[Exercise brief]
Print the listing as it stands, omitting all images.

[[ Records shown, beginning ]]

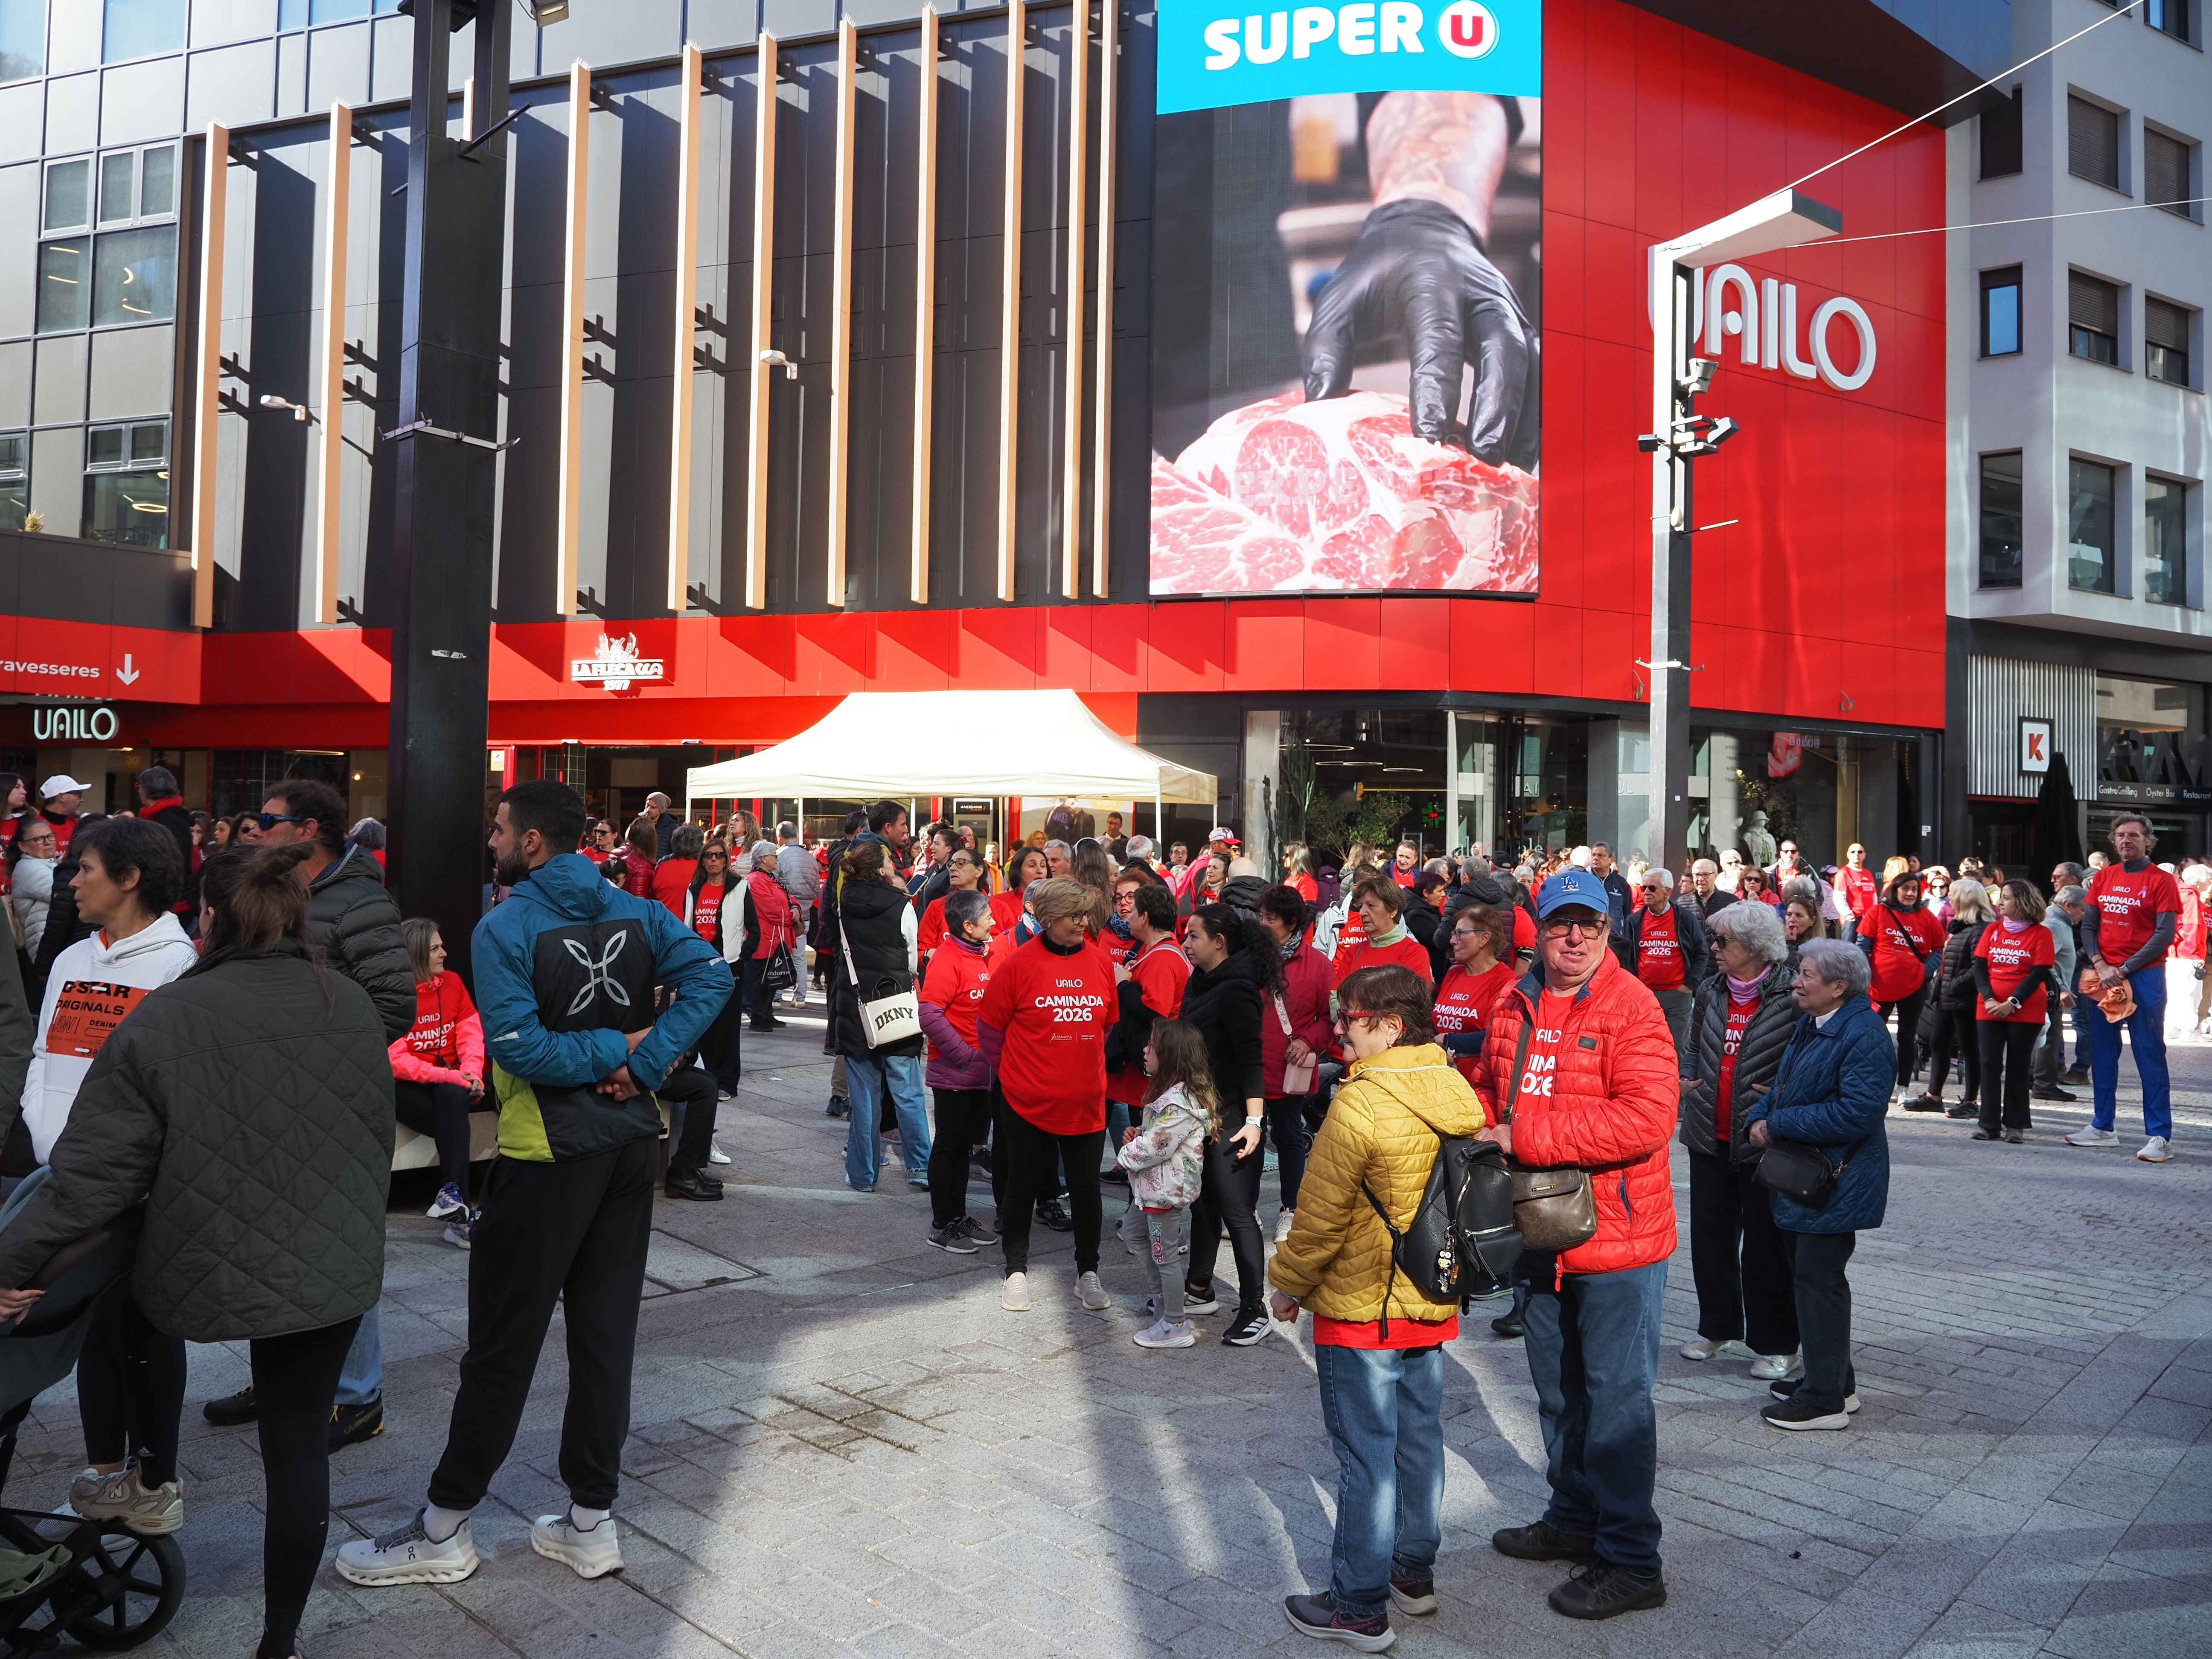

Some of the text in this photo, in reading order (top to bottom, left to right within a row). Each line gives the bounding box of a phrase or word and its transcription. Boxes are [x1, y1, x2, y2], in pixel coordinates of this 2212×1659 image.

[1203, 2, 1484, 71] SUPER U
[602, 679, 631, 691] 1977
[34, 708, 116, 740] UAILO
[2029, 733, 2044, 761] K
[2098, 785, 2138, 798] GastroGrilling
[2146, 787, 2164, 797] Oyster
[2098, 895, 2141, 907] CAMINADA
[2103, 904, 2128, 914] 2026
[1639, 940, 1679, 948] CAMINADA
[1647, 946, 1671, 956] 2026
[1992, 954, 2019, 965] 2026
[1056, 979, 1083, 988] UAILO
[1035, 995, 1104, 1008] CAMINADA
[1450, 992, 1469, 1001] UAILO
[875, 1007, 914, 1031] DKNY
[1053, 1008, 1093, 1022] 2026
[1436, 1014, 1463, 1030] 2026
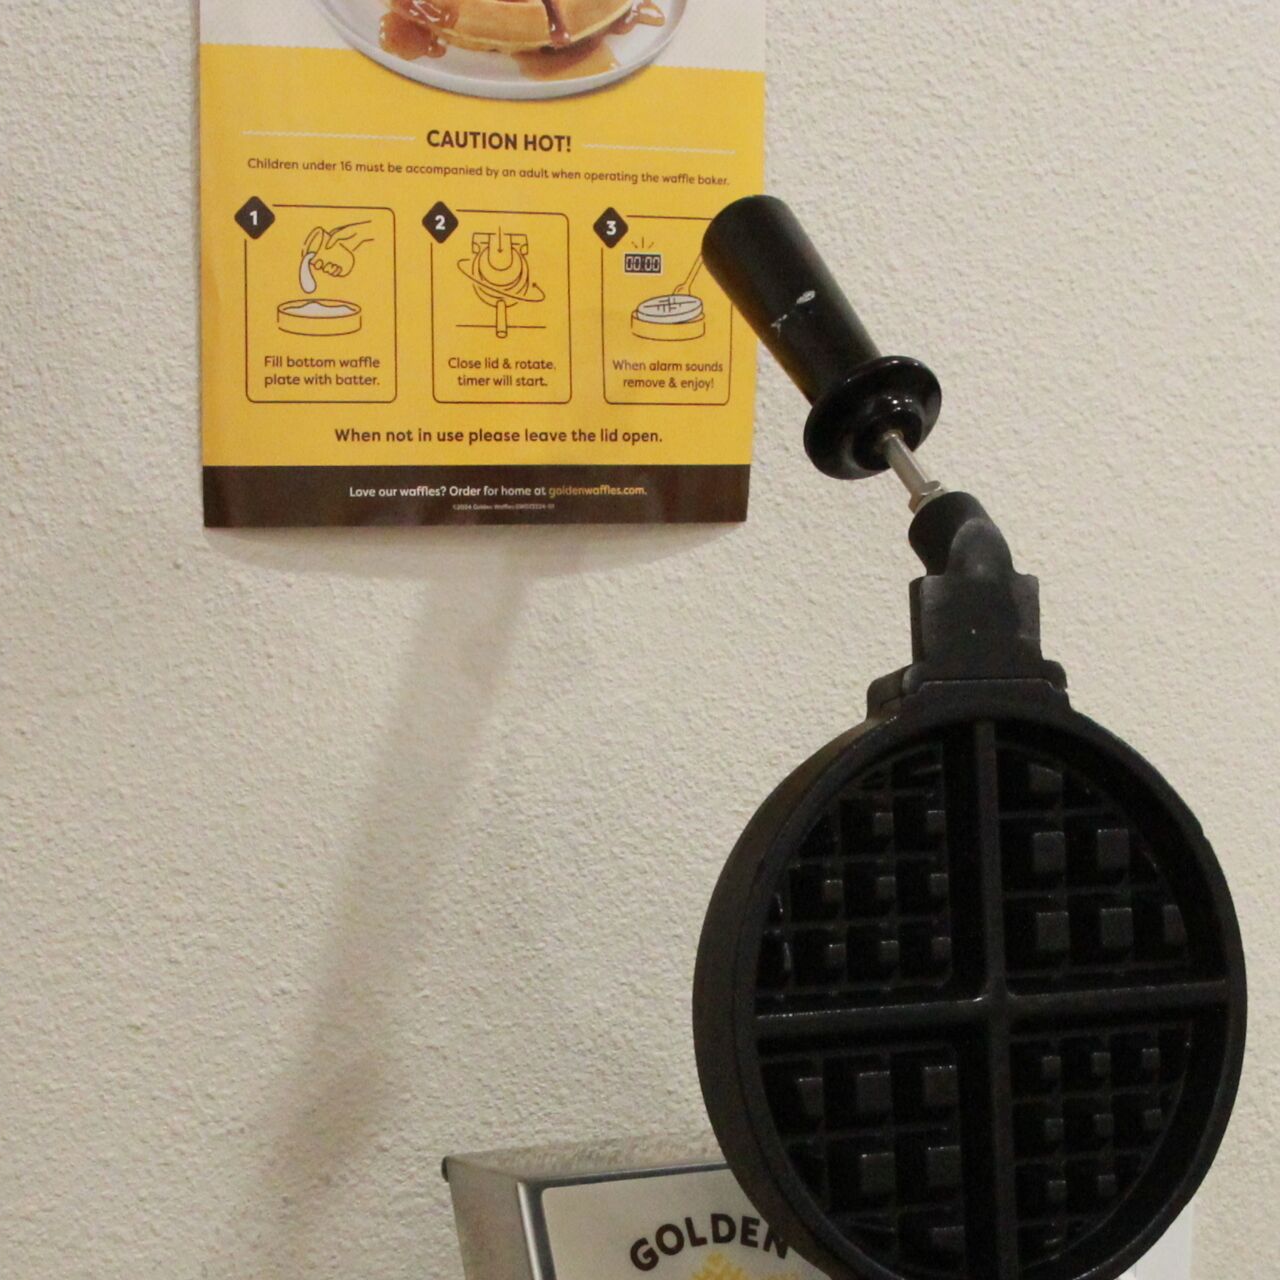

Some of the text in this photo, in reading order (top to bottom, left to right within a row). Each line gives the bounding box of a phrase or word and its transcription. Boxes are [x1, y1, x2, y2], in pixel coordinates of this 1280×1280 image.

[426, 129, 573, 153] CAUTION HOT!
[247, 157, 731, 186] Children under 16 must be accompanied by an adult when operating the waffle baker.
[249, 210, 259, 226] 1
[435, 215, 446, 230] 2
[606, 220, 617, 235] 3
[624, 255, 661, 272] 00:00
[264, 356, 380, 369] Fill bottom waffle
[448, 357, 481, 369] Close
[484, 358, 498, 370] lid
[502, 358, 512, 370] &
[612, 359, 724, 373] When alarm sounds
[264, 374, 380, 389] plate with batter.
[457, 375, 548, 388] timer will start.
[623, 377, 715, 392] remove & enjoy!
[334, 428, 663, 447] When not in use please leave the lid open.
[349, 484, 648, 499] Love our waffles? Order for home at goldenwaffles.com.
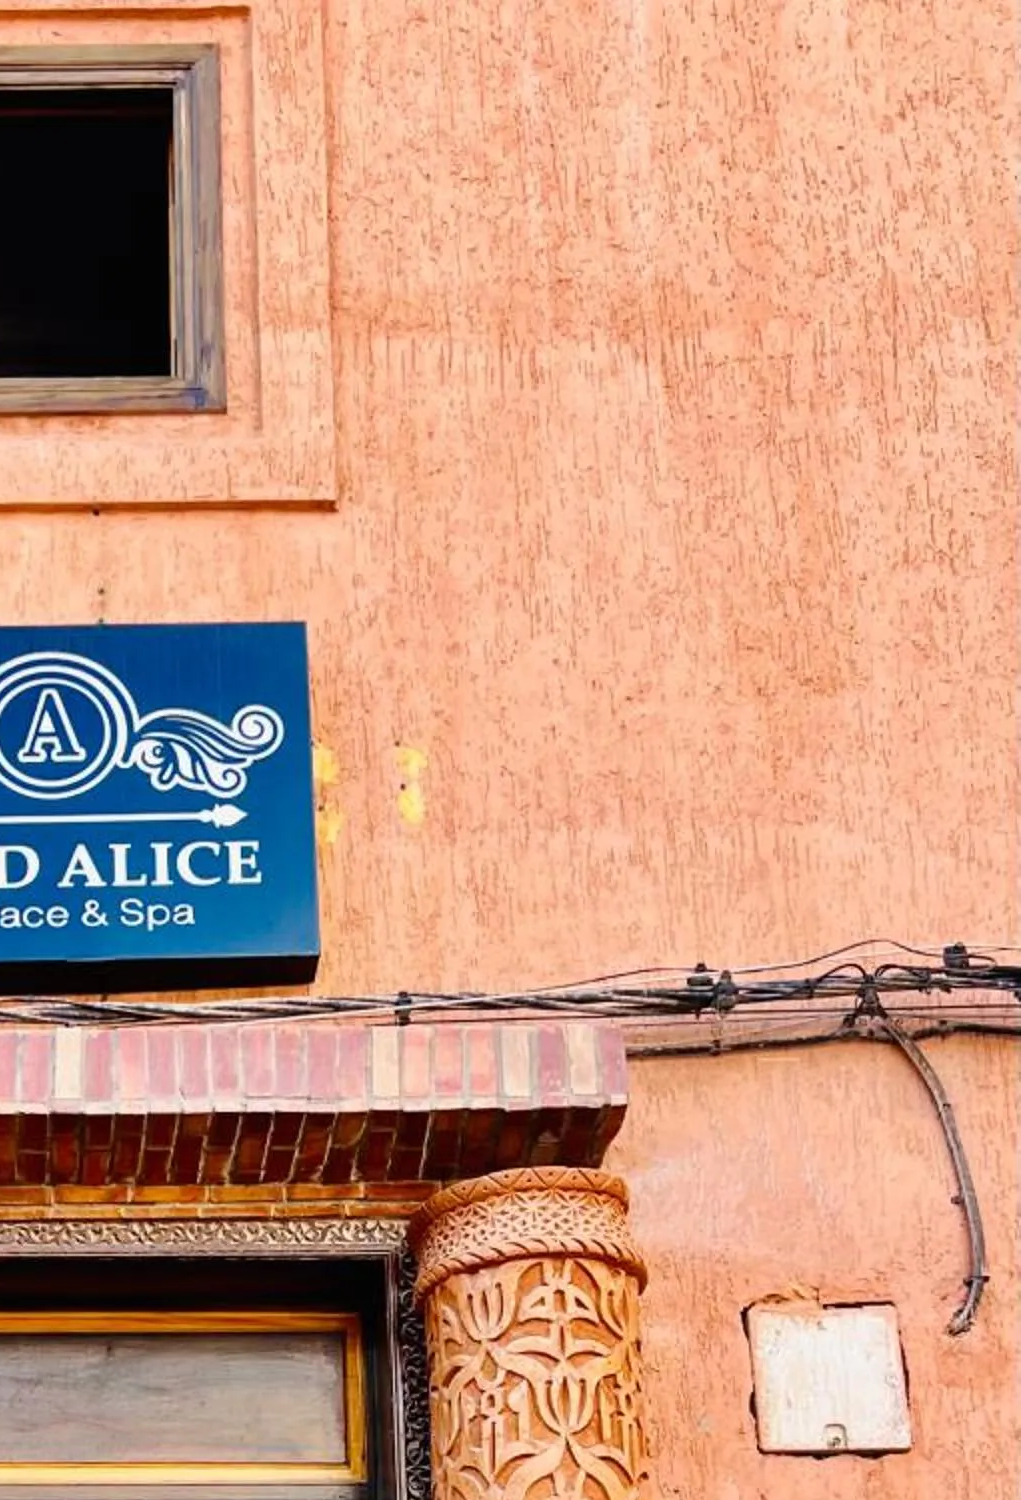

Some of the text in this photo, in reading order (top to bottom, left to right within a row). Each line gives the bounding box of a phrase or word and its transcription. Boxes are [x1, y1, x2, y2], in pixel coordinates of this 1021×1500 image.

[[ Records shown, end ]]

[Written response]
Some of the text in this photo, in reading order (top to bottom, left to right within a row). Each line gives the bounding box of a phrase or word and its transcription. Boxes are [x1, y1, x2, y2], in pixel coordinates of this 2212×1659 image.

[1203, 2, 1484, 71] SUPER U
[602, 679, 631, 691] 1977
[34, 708, 116, 740] UAILO
[2029, 733, 2044, 761] K
[2098, 785, 2138, 798] GastroGrilling
[2146, 787, 2164, 797] Oyster
[2098, 895, 2141, 907] CAMINADA
[2103, 904, 2128, 914] 2026
[1639, 940, 1679, 948] CAMINADA
[1647, 946, 1671, 956] 2026
[1992, 954, 2019, 965] 2026
[1056, 979, 1083, 988] UAILO
[1035, 995, 1104, 1008] CAMINADA
[1450, 992, 1469, 1001] UAILO
[875, 1007, 914, 1031] DKNY
[1053, 1008, 1093, 1022] 2026
[1436, 1014, 1463, 1030] 2026

Some of the text in this photo, in reading order (top to bottom, left to right within a row). Each line gives the bounding box of a phrase or word and its transcription. Boxes are [x1, y1, x2, y2], in pixel coordinates of this 1280×1280 image.

[426, 129, 573, 153] CAUTION HOT!
[247, 157, 731, 186] Children under 16 must be accompanied by an adult when operating the waffle baker.
[249, 210, 259, 226] 1
[435, 215, 446, 230] 2
[606, 220, 617, 235] 3
[624, 255, 661, 272] 00:00
[264, 356, 380, 369] Fill bottom waffle
[448, 357, 481, 369] Close
[484, 358, 498, 370] lid
[502, 358, 512, 370] &
[612, 359, 724, 373] When alarm sounds
[264, 374, 380, 389] plate with batter.
[457, 375, 548, 388] timer will start.
[623, 377, 715, 392] remove & enjoy!
[334, 428, 663, 447] When not in use please leave the lid open.
[349, 484, 648, 499] Love our waffles? Order for home at goldenwaffles.com.

Some of the text in this photo, in reading order (top to bottom, left to right within a row). Each line gives the bounding box of a phrase or word and its transcription. Boxes are [x1, y1, x2, y2], in pixel coordinates of this 1021×1500 image.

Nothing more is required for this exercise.